Hi Thomas,
My comments are inline below:
Thomas Weidner wrote:
Hy Zend'ers,
I just read through the newly created "lifecycle" description from
darby.
So now I wanted to add my last changes as the next mini release is
proposed.
I was not able to see the branch 1.0.1... only the old branch 1.0
There is no 1.0.1 branch. The 1.0.1 release will be tagged from the
release-1.0 branch. A 1.0.2 release, though we may not have one before
1.1.0, would also be produced from this branch. When 1.1.0 is
approaching, we'll create a release-1.1 branch, from which 1.1.0,
1.1.1,
etc. would be tagged. This is illustrated with an image in the
lifecycle
document. (We _could_ create further release branches, such as for
1.0.1
and 1.0.2 separately, but such additional complexity is probably not
warranted for this project at this time.)

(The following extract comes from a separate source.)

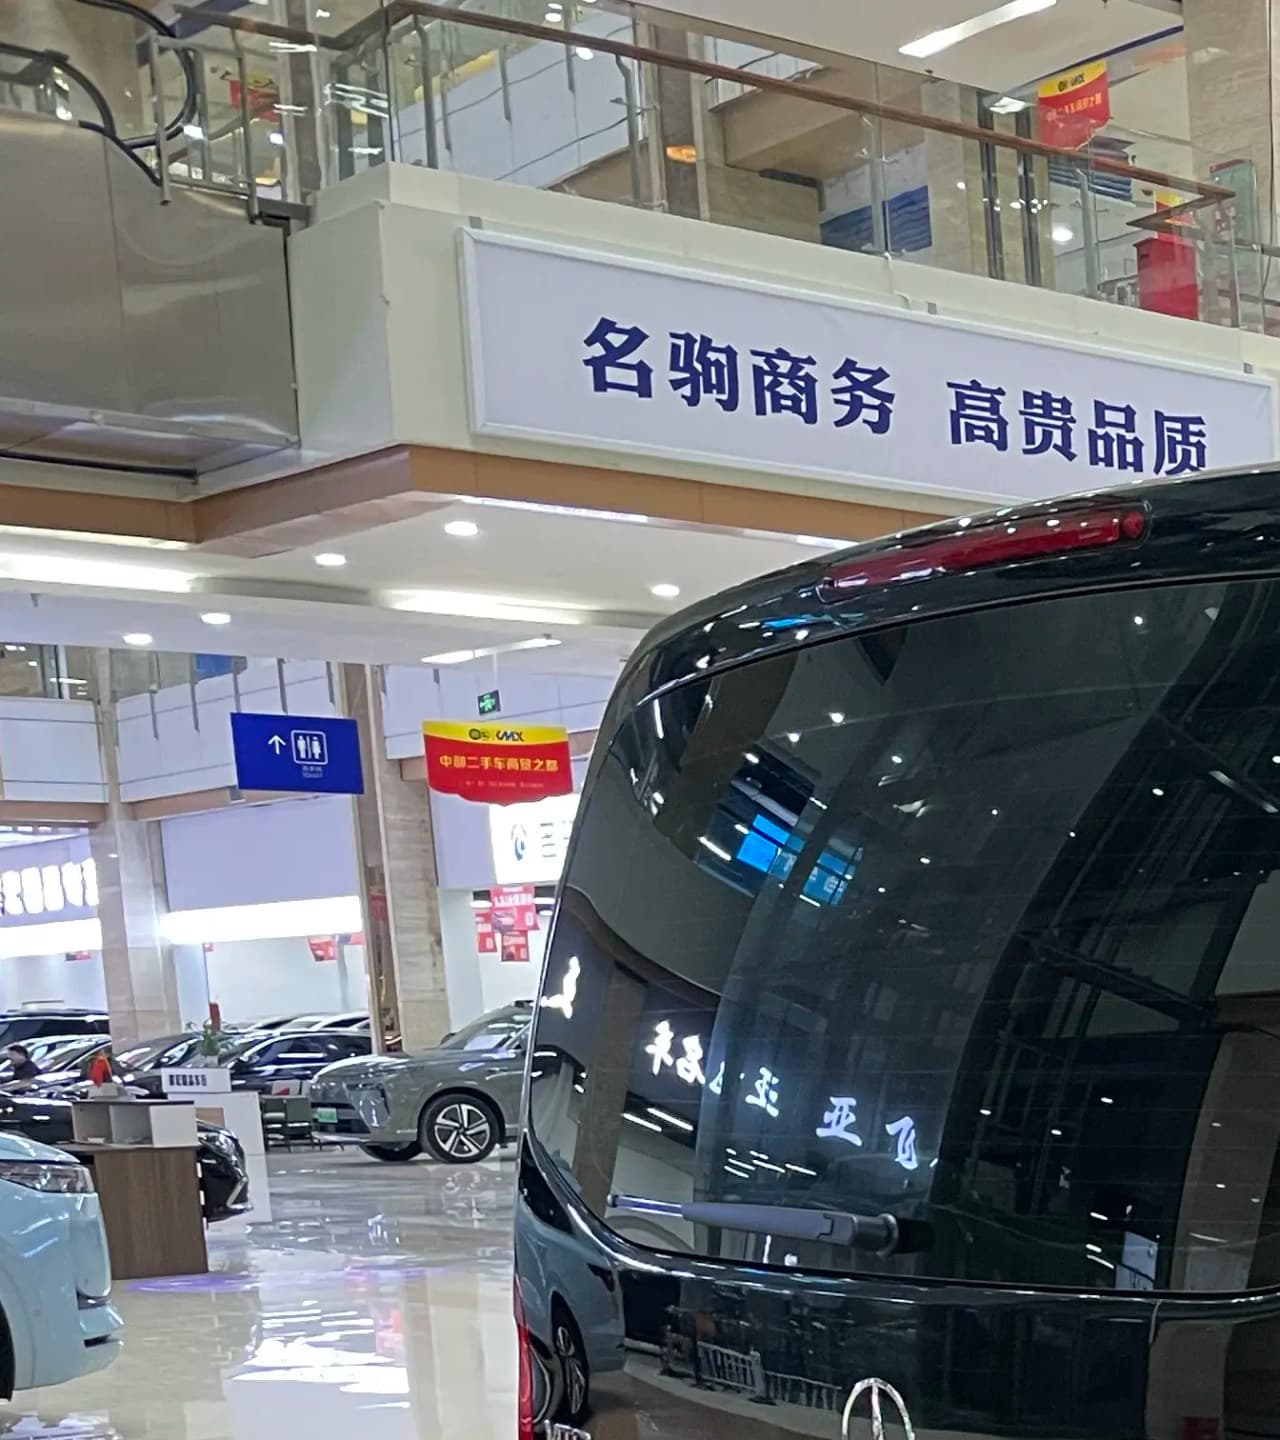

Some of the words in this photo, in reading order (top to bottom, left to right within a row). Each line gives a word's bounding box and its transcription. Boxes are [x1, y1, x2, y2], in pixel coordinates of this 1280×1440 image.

And I dont want to loose my commit rights as stated in this
description
for not commiting the changes to the new branch only because the
branch
is not avaiable ;-) (who has to do the work if the team leader and
main
author gets suspended ? ;-) )
You aren't likely to lose your commit rights, Thomas, but we have to
reserve the right to revoke committers' privileges should they
decide to
continually ignore our contribution policies. There will be plenty of
questions, particularly during this initial stage of post-1.0.0
development, and I expect a high degree of leniency as everyone learns
the process together.
If anyone should have trouble with their SVN commit access, please
contact me personally, and I will see to it that such issues are
resolved.
The next point is that we have first to find a zend member who looks
through the changes before we commit them.
No, in most cases, you can simply have another contributor review your
work. Of course, you can always ask a Zend liaison to review your
work,
but we have limited bandwidth, and we have to delegate as much of this
work as possible to the community itself. We just want to make sure
that
unit tests pass and that the changes have been reviewed for potential
risks to stability before they are merged on to a release branch.

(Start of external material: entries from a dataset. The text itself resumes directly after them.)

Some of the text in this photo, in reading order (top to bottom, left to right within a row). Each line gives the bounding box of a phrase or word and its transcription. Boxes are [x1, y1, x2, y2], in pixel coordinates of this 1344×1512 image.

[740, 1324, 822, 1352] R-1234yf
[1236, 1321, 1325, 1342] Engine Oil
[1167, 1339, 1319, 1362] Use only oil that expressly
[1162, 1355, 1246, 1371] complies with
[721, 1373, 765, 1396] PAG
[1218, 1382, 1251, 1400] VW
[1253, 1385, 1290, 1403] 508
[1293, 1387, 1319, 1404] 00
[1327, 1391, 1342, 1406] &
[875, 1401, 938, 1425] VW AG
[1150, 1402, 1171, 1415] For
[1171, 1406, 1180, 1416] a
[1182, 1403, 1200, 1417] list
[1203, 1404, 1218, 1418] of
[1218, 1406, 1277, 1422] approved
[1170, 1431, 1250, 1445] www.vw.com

Sounds a little bit complicated for bug fixes like the one I made
yesterday. 3 lines added for an not reproducable race condition.

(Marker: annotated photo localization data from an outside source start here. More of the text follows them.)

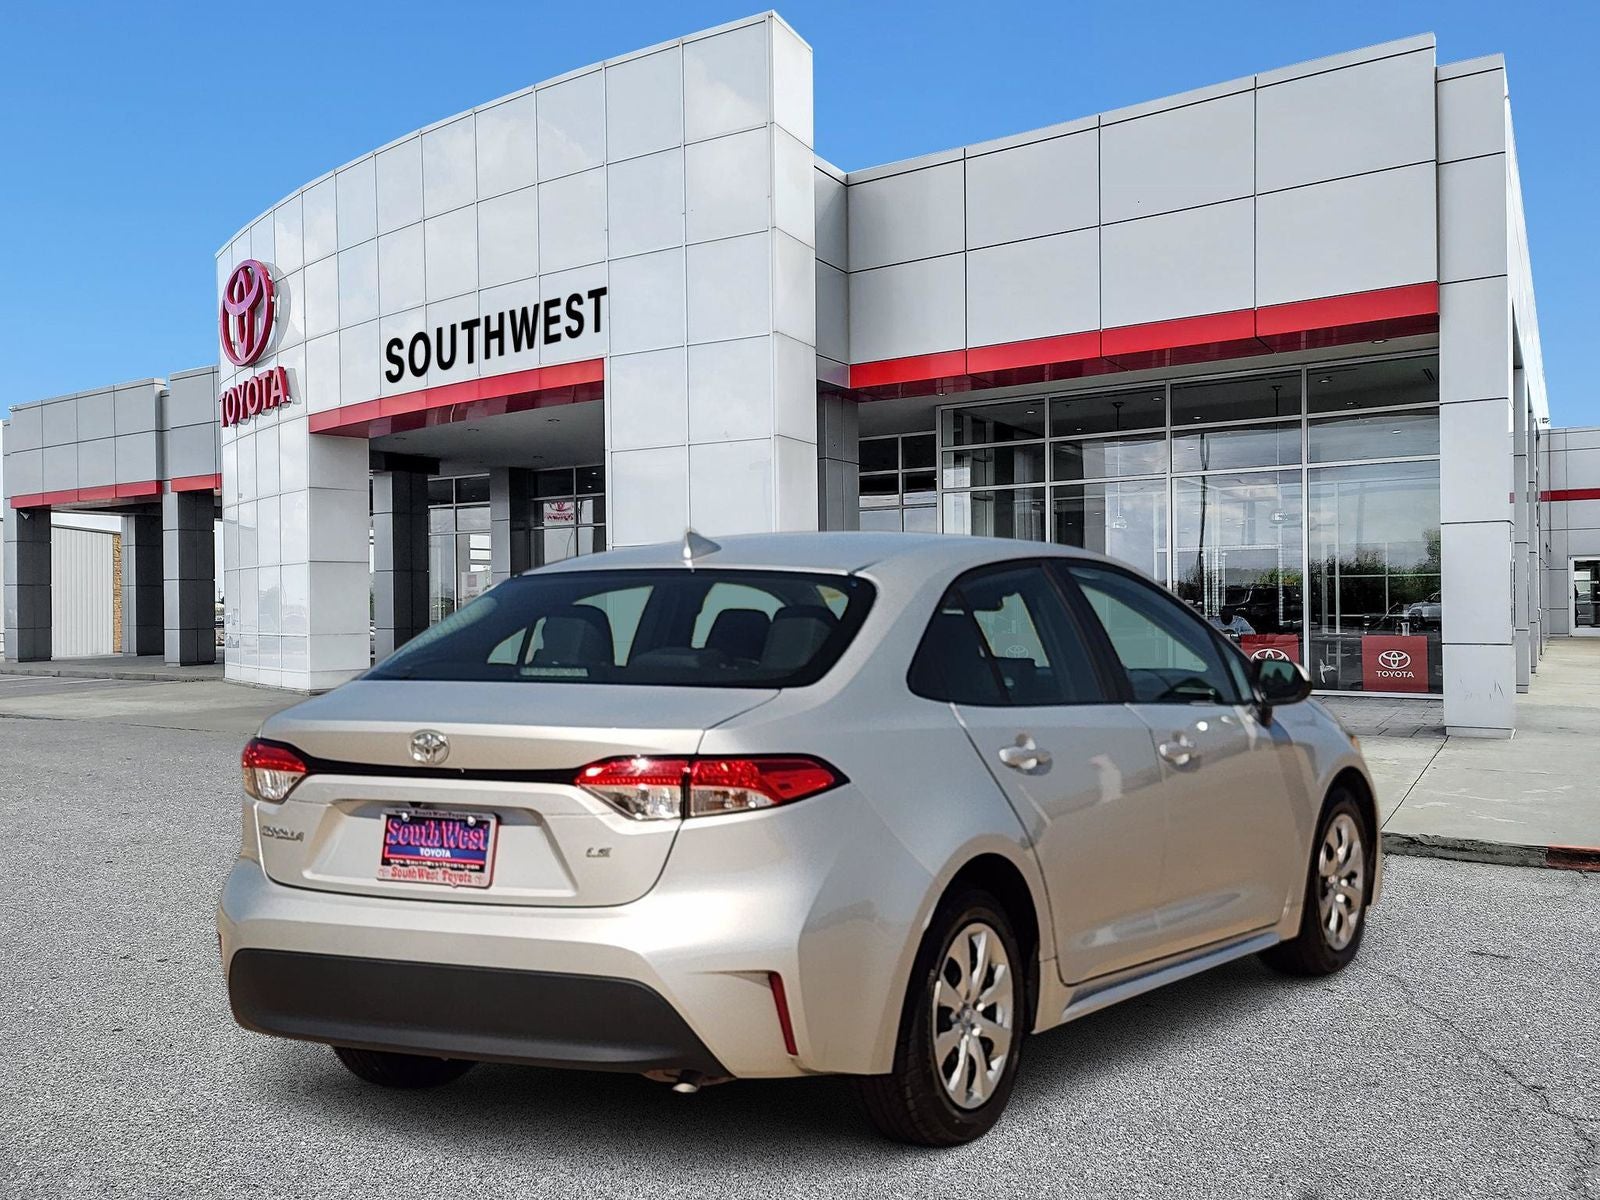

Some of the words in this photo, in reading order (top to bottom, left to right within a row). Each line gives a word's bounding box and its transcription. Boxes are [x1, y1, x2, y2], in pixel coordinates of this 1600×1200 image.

[385, 286, 608, 384] SOUTHWEST
[218, 366, 292, 428] TOYOTA
[1376, 670, 1415, 679] TOYOTA
[419, 847, 452, 858] TOYOTA
[442, 869, 473, 886] Toyota

No unit tests and no documentation possible or needed.
It should also be clearified if issues can be closed when they are
commited to trunk, or only after they were commited to branch.
The PHP project is managed in much the same way, actually, where
contributors are required to commit their changes to two places. The
main point of the review requirement is to help maintain the stability
of the release branches.
JIRA issues can be resolved as soon as passing unit tests for the fix
are committed to the trunk, though the issue should be marked as fixed
for the affected versions. (For us right now this means that resolving
an issue in the trunk fixes 1.1.0, and once the changes are merged to
the release branch, it would also fix 1.1.1.)
How about improvements to the documentation ???
I will improve the documentation of the I18N components from time
to time.
Add new pages to answer often asked questions and so on...
How should we handle this ? Until now we commited them to trunk...
Should they also be reviewed by a Zend member ?
As mentioned in the lifecycle document, no documentation is to be
merged
to release branches. Documentation improvements will go out with minor
and major releases (e.g., 1.1.0 and 2.0.0, respectively).
Should improvements always be commited to incubator, reviewed and
then
commited to core ?
Because I normally code all, write documentation and unit tests and
then
I commit the complete change to trunk.
It depends on the scope of the work and how long you expect the work
to
take. We don't want you to be stuck holding back committing your
incomplete work. If you write 200 lines of code today, you should
have a
place to commit it, even if it is not complete. This creates an
instant
backup and facilitates review before completion.
So as I see it in sum the new workflow from now on is,
to commit all to incubator, let verify through Zend and after all
say,
your 3 lines of code are ok, commit to trunk.
No, minor and backward compatible changes may be made directly to the
trunk, but they should be accompanied by passing unit tests to confirm
the desired behavior from the changes.
Also I will have to have two working copies in my eclipse...
One for the trunk and one for the actual maintenance branch or is
there
a better way to handle this within eclipse ?
I don't know about eclipse specifically, but you can switch a single
working copy between two branches. Again, this is documented in the
lifecycle document; perhaps some elaboration is needed to make it more
clear? To strike a balance, we also do not want to be overwhelmingly
verbose, but where clarifications can be made, all the better. :)
Thanks for these questions! I'm sure you're not the only one thinking
about them, and hopefully these answers help a bit.